18. Mutinerie de la voix du Zaïre : Une des grandes mascarades qui s’est produite pendant la période de la CNS est la fameuse « Mutinerie de la Voix du Zaïre ». Dans la nuit du 22 janvier 1992, à 11 heures du  soir, un peloton de soldats de la 31è Brigade Parachutiste de CETA investit la Station de radio nationale de la « Voix du Zaïre ». Le ministre de la défense, Honoré  Ngbanda  Nzambo  Ko  Atumba  passe à la télévision pour affirmer que la mutinerie est une tentative de coup d’Etat qui est planifié en coordination avec l’appel de l’UDPS pour une grève générale.
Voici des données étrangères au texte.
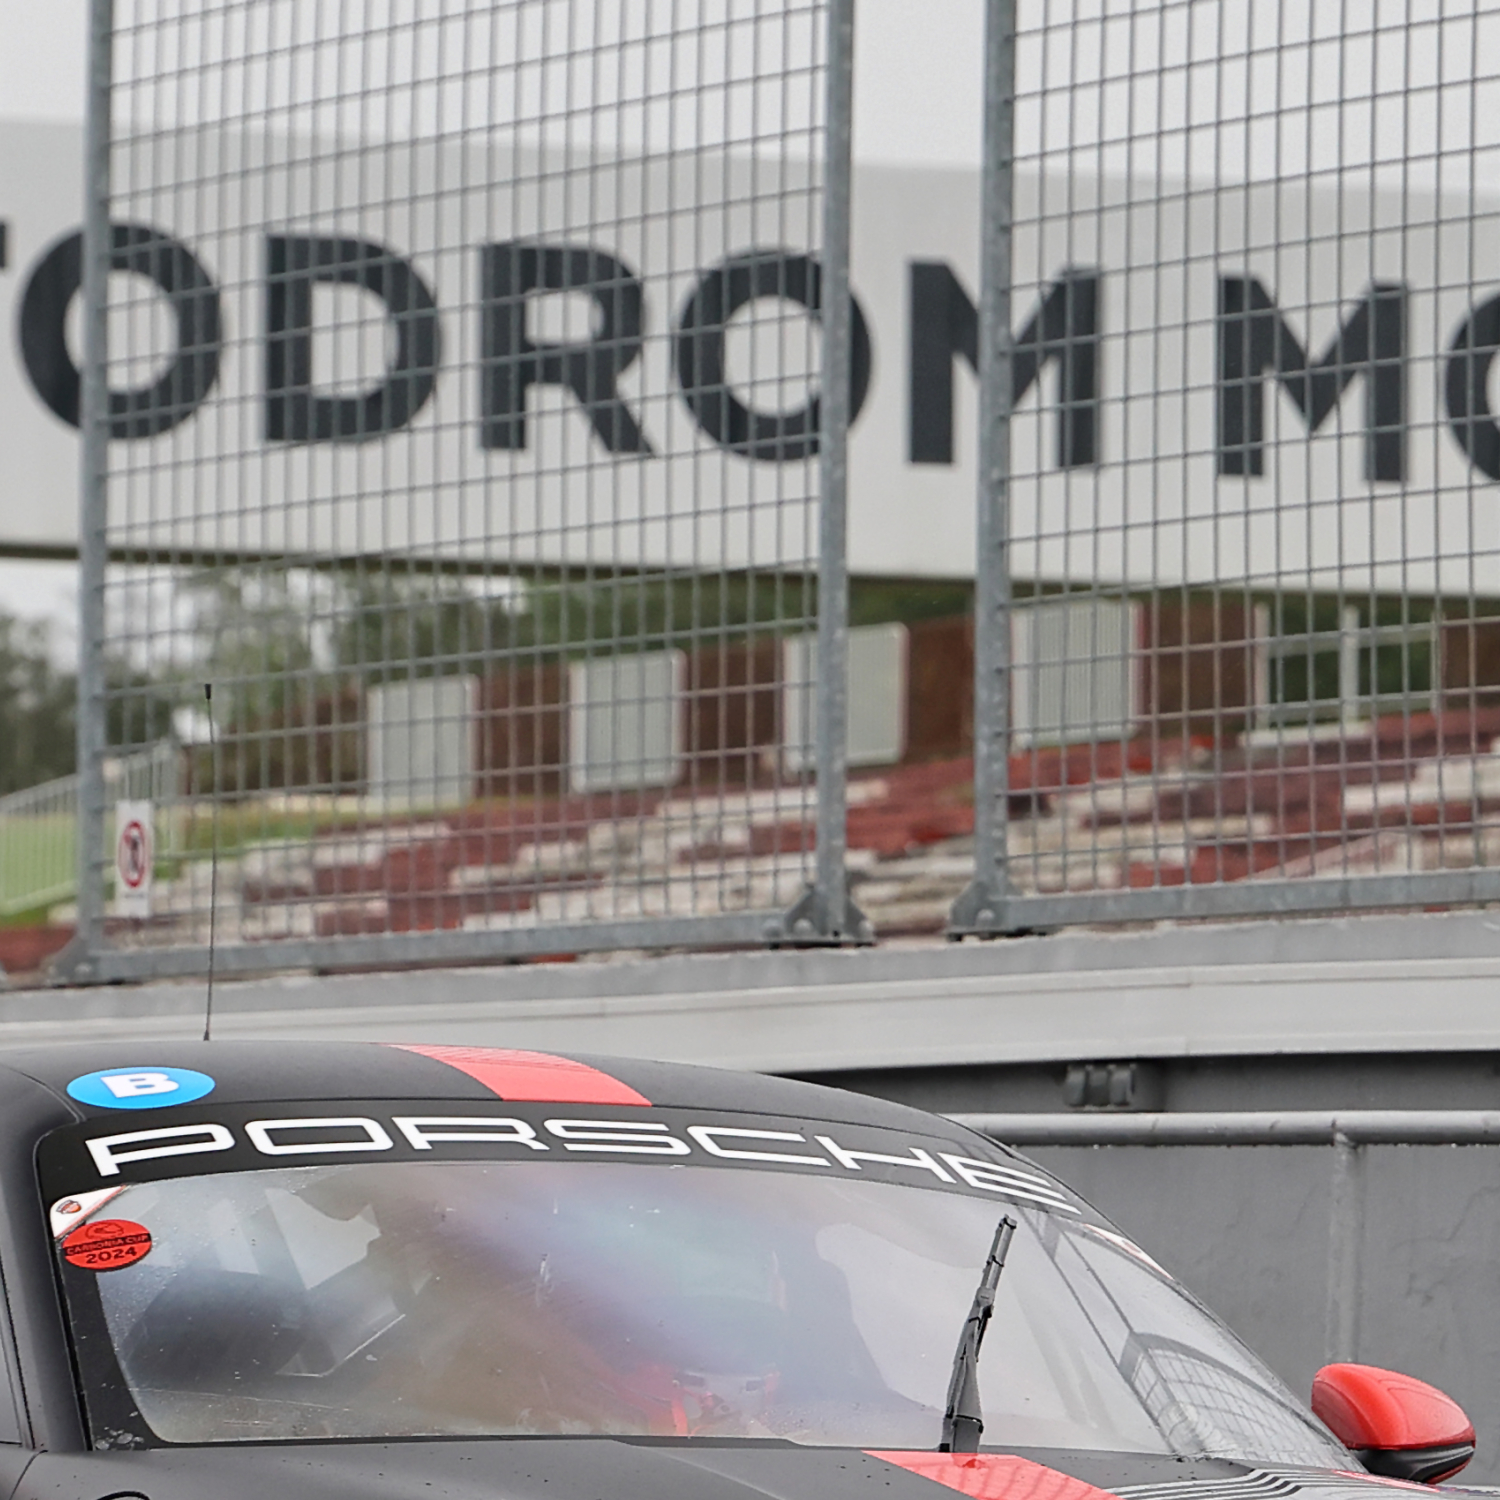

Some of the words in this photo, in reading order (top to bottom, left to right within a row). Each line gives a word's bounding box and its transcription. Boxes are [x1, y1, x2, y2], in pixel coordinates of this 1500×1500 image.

[100, 1072, 179, 1098] B
[85, 1113, 1083, 1216] PORSCHE
[85, 1246, 138, 1264] 2024
19. La Marche des  chrétiens : Lors de la marche des  chrétiens du  16 février 1992, vous, Honoré Ngbanda, en tant que ministre de la Défense, et votre collègue Tony Mandungu  Bula Nyati, ministre de l’Intérieur, suivez par des descentes éclairs sur le terrain et en liaison radio, toute l’évolution des opérations de répression exercée par des forces de sécurité sur les manifestants. En  tant  que Ministre de la Défense, vous faites intervenir des soldats parlant Portugais qui sont bel  et  bien des  éléments de la division de l’UNITA du chef rebelle angolais Jonas Savimbi, dépêchés de la Base de Kamina  le 14 février sur votre demande expresse. Ainsi, l’ordre de tirer sur les chrétiens a bel et bien eu votre aval. Les responsables de vos services de l’époque le témoignent aujourd’hui.

20. Affaire Pierre Lumbi :  Dans la nuit du  31 janvier 1993, les soldats des FIS (Hiboux) prennent d’assaut et pillent la maison de Pierre Lumbi, ministre des   Affaires Etrangères du  gouvernement Tshisekedi. Les religieuses belges habitant dans la maison voisine de celle de Pierre Lumbi sont aussi attaquées par les soldats des FIS.
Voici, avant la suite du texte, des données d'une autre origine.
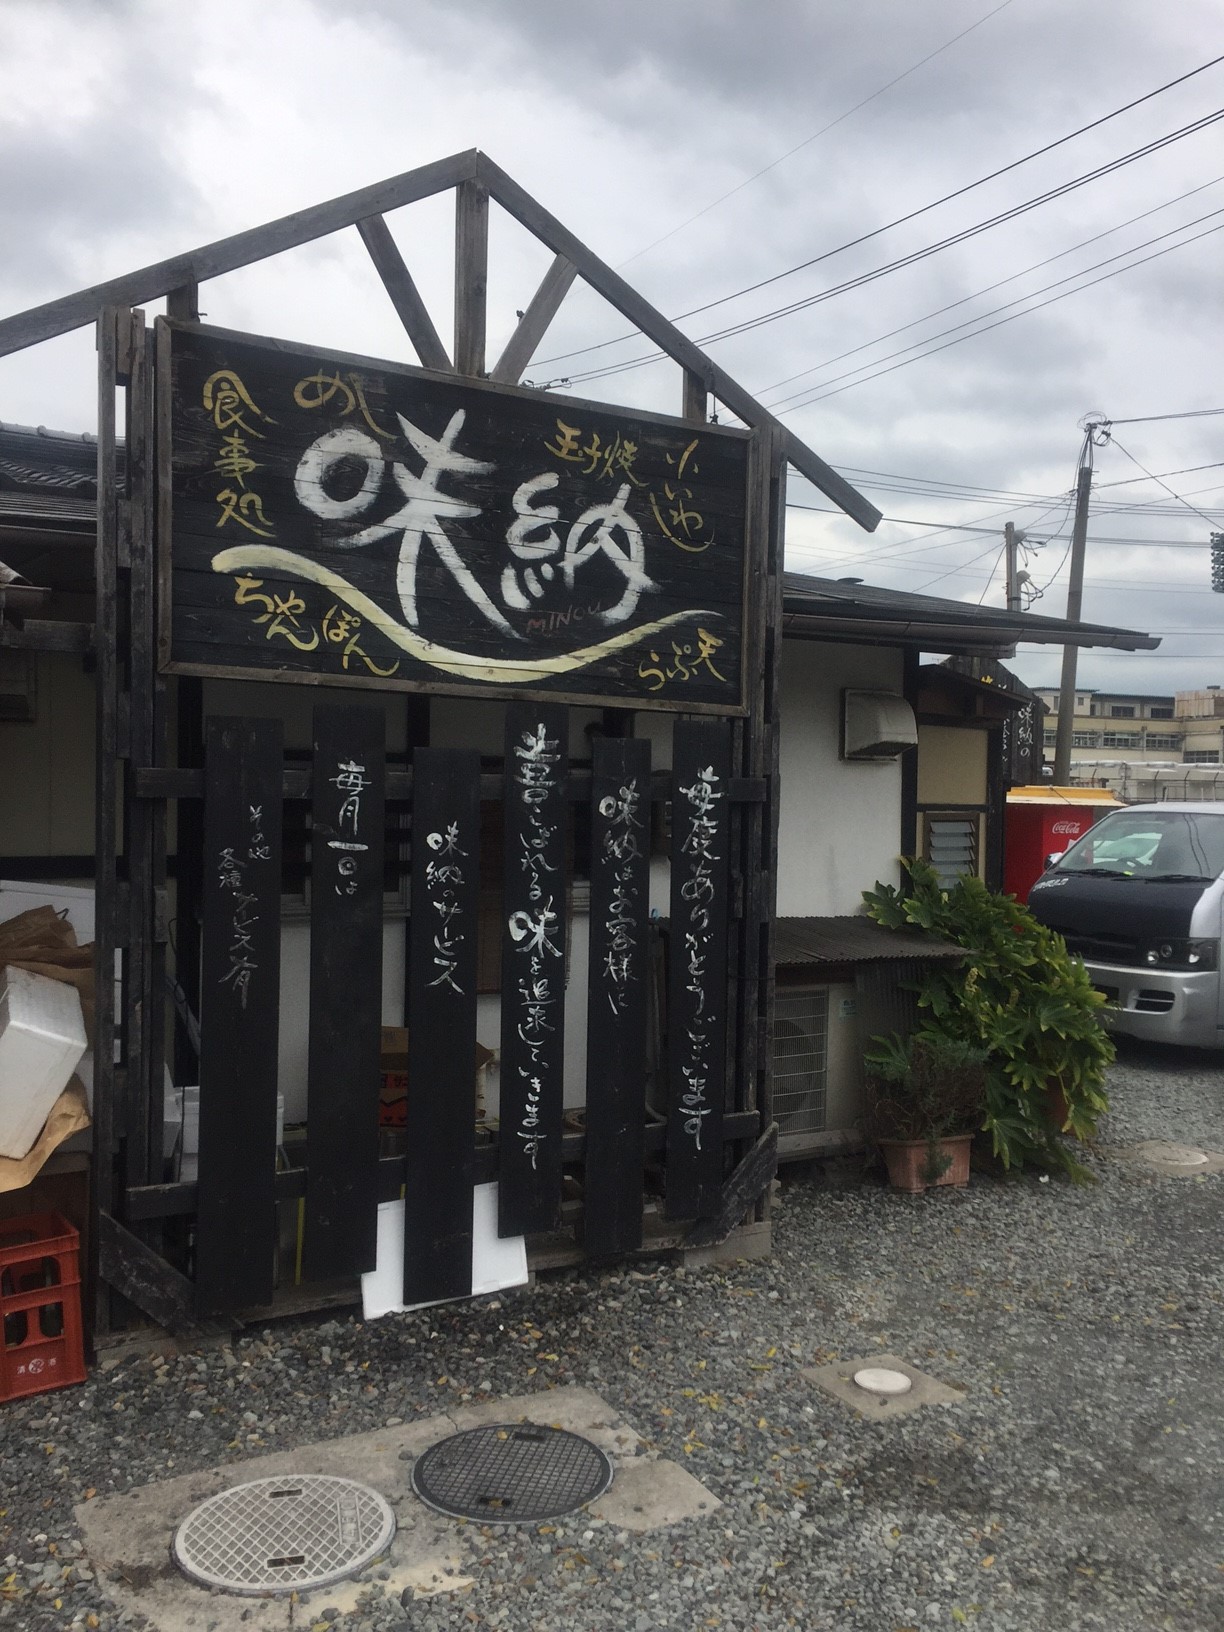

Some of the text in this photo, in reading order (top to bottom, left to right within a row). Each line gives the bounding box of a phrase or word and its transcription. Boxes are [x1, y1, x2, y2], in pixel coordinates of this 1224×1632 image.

[203, 369, 279, 538] 食事処
[293, 368, 399, 443] めし
21. A propos de Cardinal  Malula :  Aujourd’hui, Honoré Ngbanda, vous parlez beaucoup de l’église catholique. Vous oubliez ce que vous aviez dit à propos de Cardinal Malula, en ce mois de mai 1990, à l’occasion de votre 44e anniversaire, au  restaurant chinois « Le Paradis de Pékin ». Vous avez traité feu Cardinal Malula d’« ingrat », par opposition à Son Eminence Diangenda toujours reconnaissant au Guide. Les témoins sont encore en vie pour vous confondre.
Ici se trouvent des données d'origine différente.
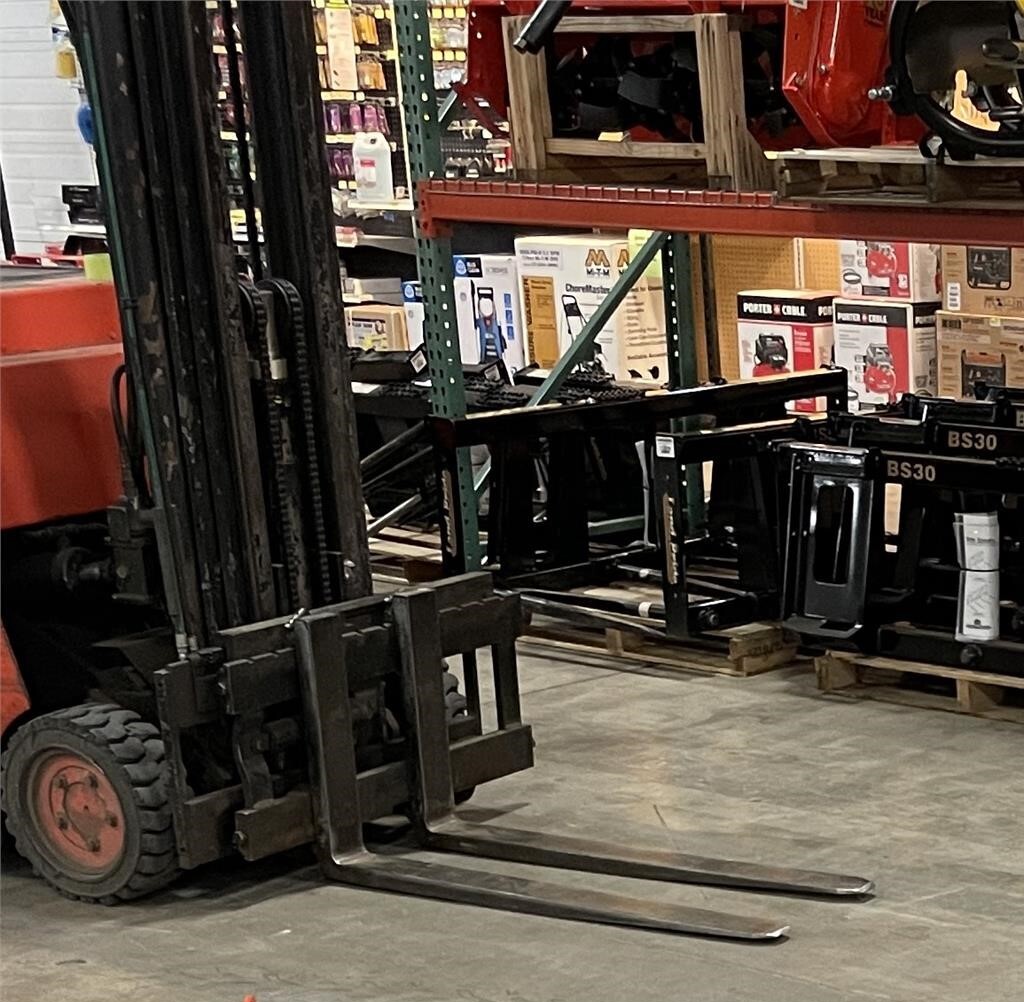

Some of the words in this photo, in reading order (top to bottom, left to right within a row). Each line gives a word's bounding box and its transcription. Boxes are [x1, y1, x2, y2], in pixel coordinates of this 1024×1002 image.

D'apres Désiré KIMPESSE  "Mr Honoré Ngbanda Zambo Ko Atumba, la machine de répression de la dictature de Mobutu sous votre direction, a étouffé toute idée d’opposition politique et d’apprentissage de la démocratie. Sous vos ordres, on a dénombré chaque jour des cas d’arrestations arbitraires du  fait des  opinions d’opposition et activités politiques, d’enlèvements nocturnes, d’exécutions extrajudiciaires ou de relégations au  village d’origine. Vos victimes sont des personnes suspectes d’opposition au  régime, des étudiants, des syndicalistes, des officiers militaires originaires des provinces de l’Est, y compris  ceux des  deux Kasaï. Nous vous épargnons la longue liste de cas qui sont signés Honoré Ngbanda, ordonnateur des crimes du régime Mobutu, car il y en a des milliers".